How to Attach and Remove Lenses on Your Nikon D5200
One of the biggest differences between a digital point-and-shoot camera and a dSLR (digital single-lens reflex) camera (such as the Nikon D5200) is the lens. With a dSLR, you can change lenses to suit different photographic needs, going from an extreme close-up lens to a super-long telephoto, for example. Whatever lens you buy, follow these steps to mount it on the camera body:
Turn off the camera and remove the cap that covers the lens mount on the front of the camera.
Remove the cap that covers the back of the lens.
Hold the lens in front of the camera so that the little white dot on the lens aligns with the matching dot on the camera body.
Official photography lingo uses the term mounting index instead of little white dot. Either way, you can see the markings in question in this figure. When attaching the lens, rotate it in the direction indicated by the arrow.

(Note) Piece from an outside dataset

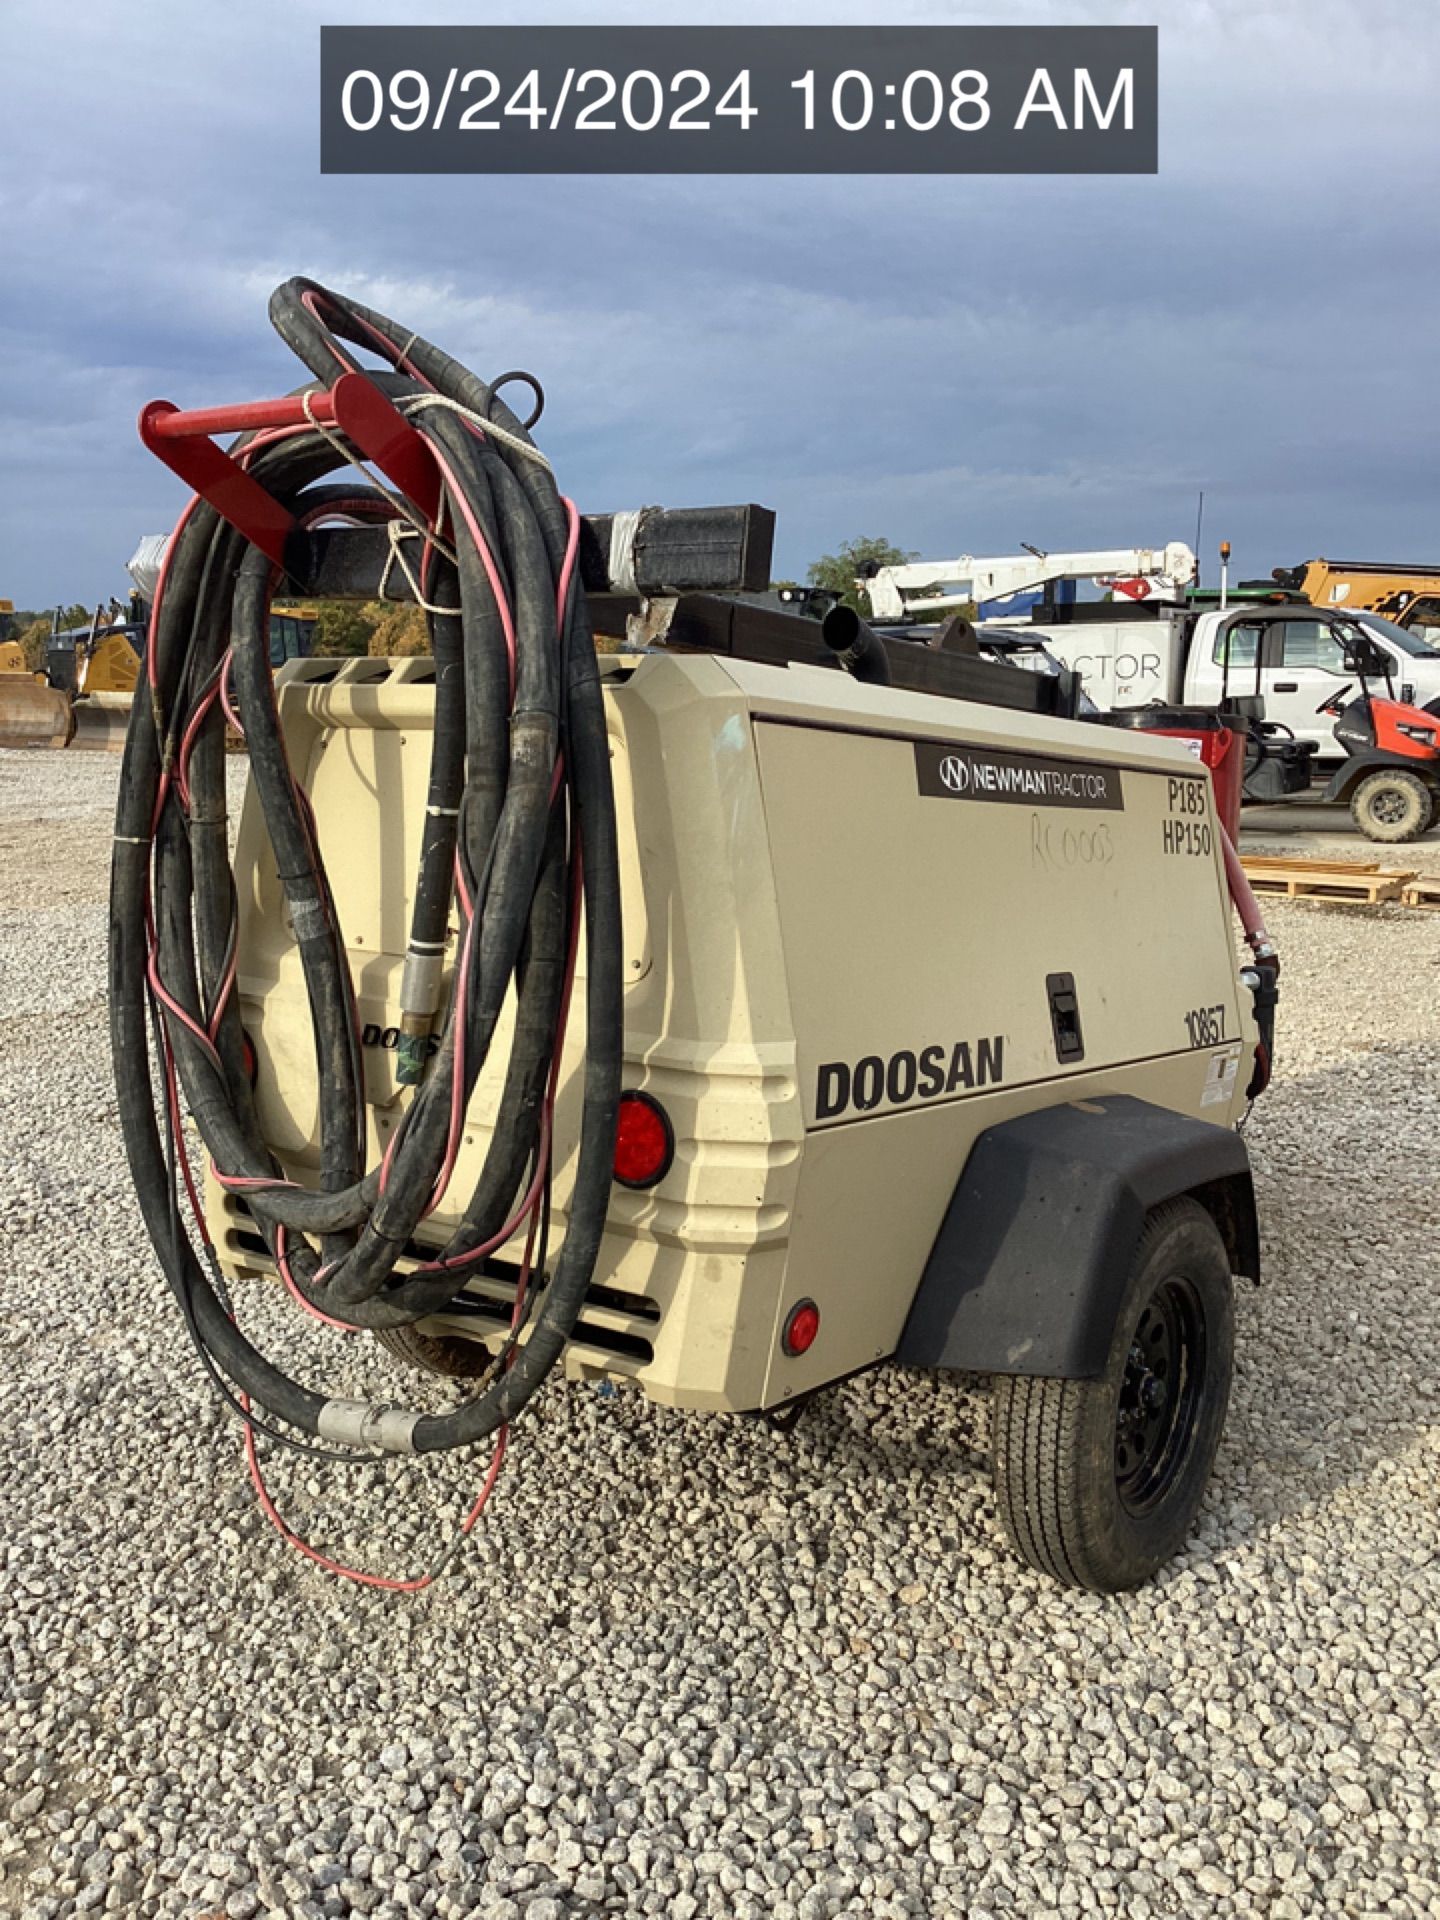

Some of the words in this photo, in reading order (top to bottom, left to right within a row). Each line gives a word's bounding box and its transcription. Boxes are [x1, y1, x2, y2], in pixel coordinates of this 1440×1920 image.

[1168, 778, 1205, 816] P185
[1163, 820, 1210, 856] HP150
[1184, 1004, 1225, 1048] 10857
[816, 1035, 1004, 1120] DOOSAN

This figure shows the D5200 with its 18–55mm kit lens. If you buy a different lens, check your lens manual for complete operating instructions. The mounting index on your lens may not look the same as the one featured in this figure.
Keeping the mounting indexes aligned, position the lens on the camera’s lens mount.

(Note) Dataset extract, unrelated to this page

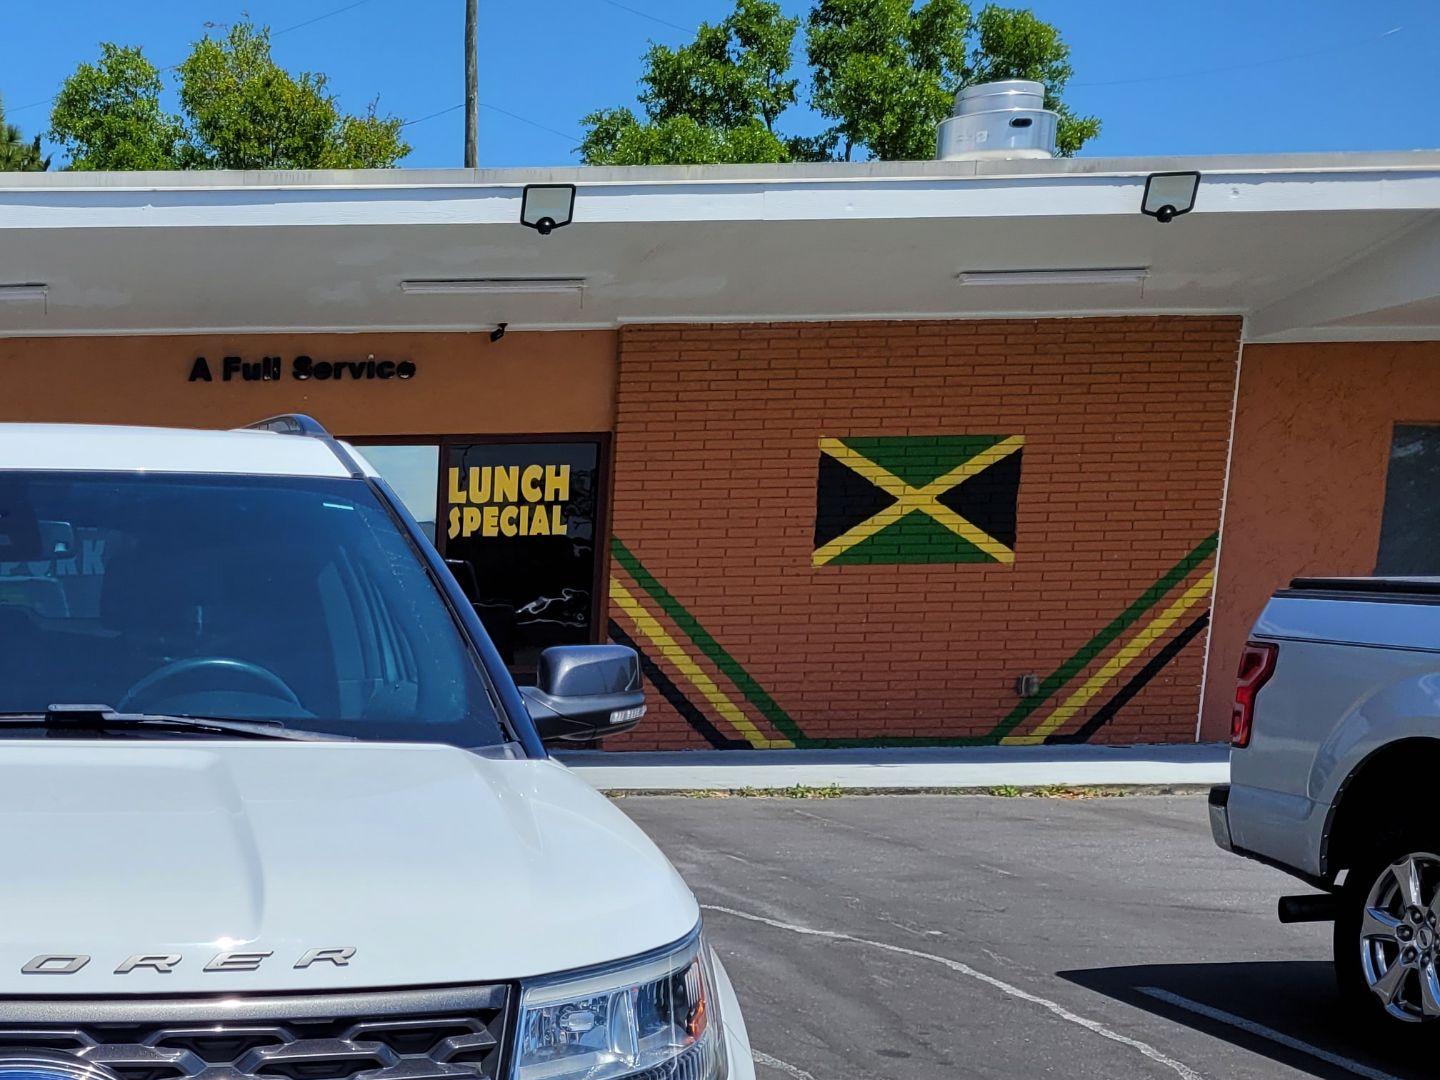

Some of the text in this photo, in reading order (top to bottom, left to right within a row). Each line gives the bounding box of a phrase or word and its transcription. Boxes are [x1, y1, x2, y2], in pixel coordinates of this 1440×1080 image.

[188, 355, 417, 382] A Full Service
[448, 464, 571, 504] LUNCH
[447, 504, 568, 540] SPECIAL

When you do so, grip the lens by its back collar, not the movable, forward end of the lens barrel.
Turn the lens in a counterclockwise direction until the lens clicks into place.
To put it another way, turn the lens toward the side of the camera that sports the shutter button, as indicated by the red arrow in the figure.

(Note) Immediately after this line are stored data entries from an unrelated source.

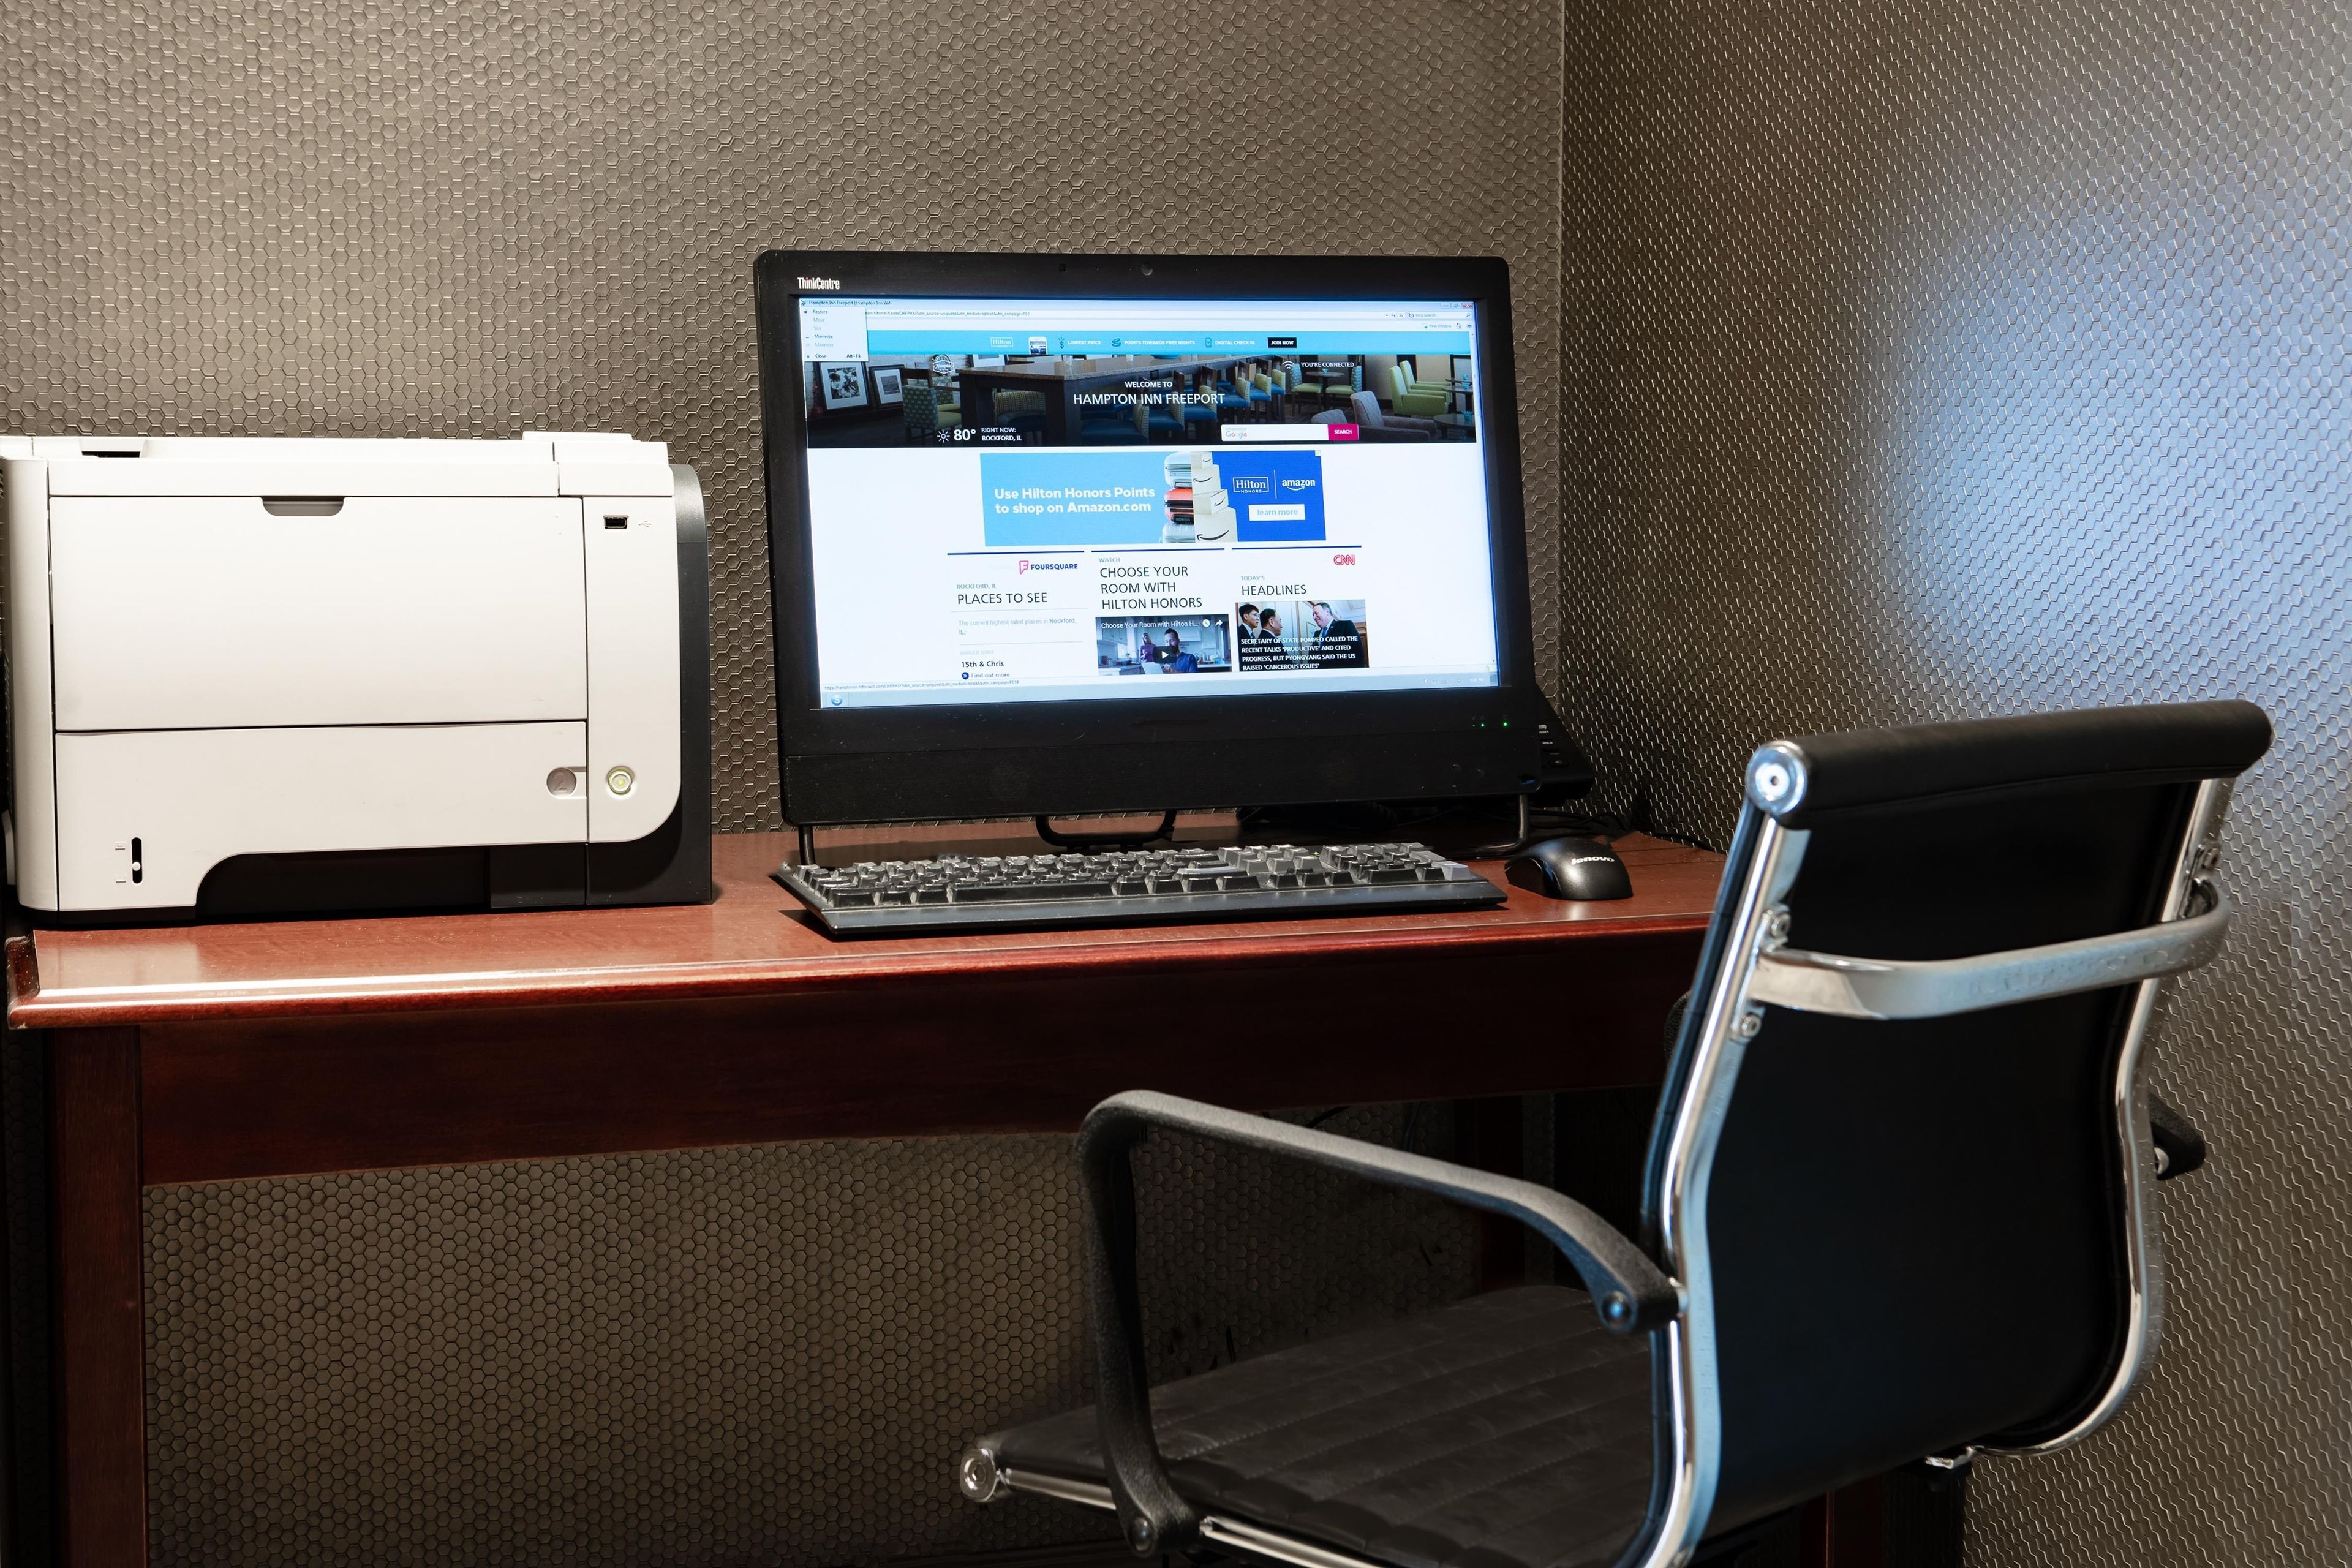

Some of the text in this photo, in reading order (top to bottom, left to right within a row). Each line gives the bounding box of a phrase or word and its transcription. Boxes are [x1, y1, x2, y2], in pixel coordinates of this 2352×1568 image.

[797, 277, 840, 290] ThinkCentre
[1074, 393, 1225, 404] HAMPTON INN FREEPORT
[953, 429, 976, 441] 80°
[1236, 480, 1266, 489] Hilton
[995, 487, 1155, 499] Use Hilton Honors Points
[995, 502, 1152, 515] to shop on Amazon.com
[1333, 554, 1355, 566] CNN
[1100, 566, 1188, 578] CHOOSE YOUR
[1101, 582, 1176, 594] ROOM WITH
[1242, 584, 1307, 596] HEADLINES
[958, 592, 1047, 605] PLACES TO SEE
[1102, 597, 1202, 609] HILTON HONORS
[552, 771, 568, 793] 2
[1571, 856, 1615, 865] lenovo

On a lens that has an aperture ring, set and lock the ring so the aperture is set at the highest f-stop number.
Check your lens manual to find out whether your lens sports an aperture ring and how to adjust it. (The 18–55mm and 18–105mm kit lenses don’t have this feature.) After locking the aperture on the lens, use the normal camera controls to adjust the f-stop setting.
To remove a lens, press the lens-release button, labeled in the figure, and then turn the lens toward that button — that is, the opposite of what the arrow indicates in the figure — until it detaches from the lens mount. Put the rear protective cap onto the back of the lens and, if you aren’t putting another lens on the camera, cover the lens mount with its protective cap, too.
Always attach or switch lenses in a clean environment to reduce the risk of getting dust, dirt, and other contaminants inside the camera or lens. Changing lenses on a sandy beach, for example, isn’t a good idea. For added safety, point the camera body slightly down when performing this maneuver; doing so helps prevent any flotsam in the air from being drawn into the camera by gravity.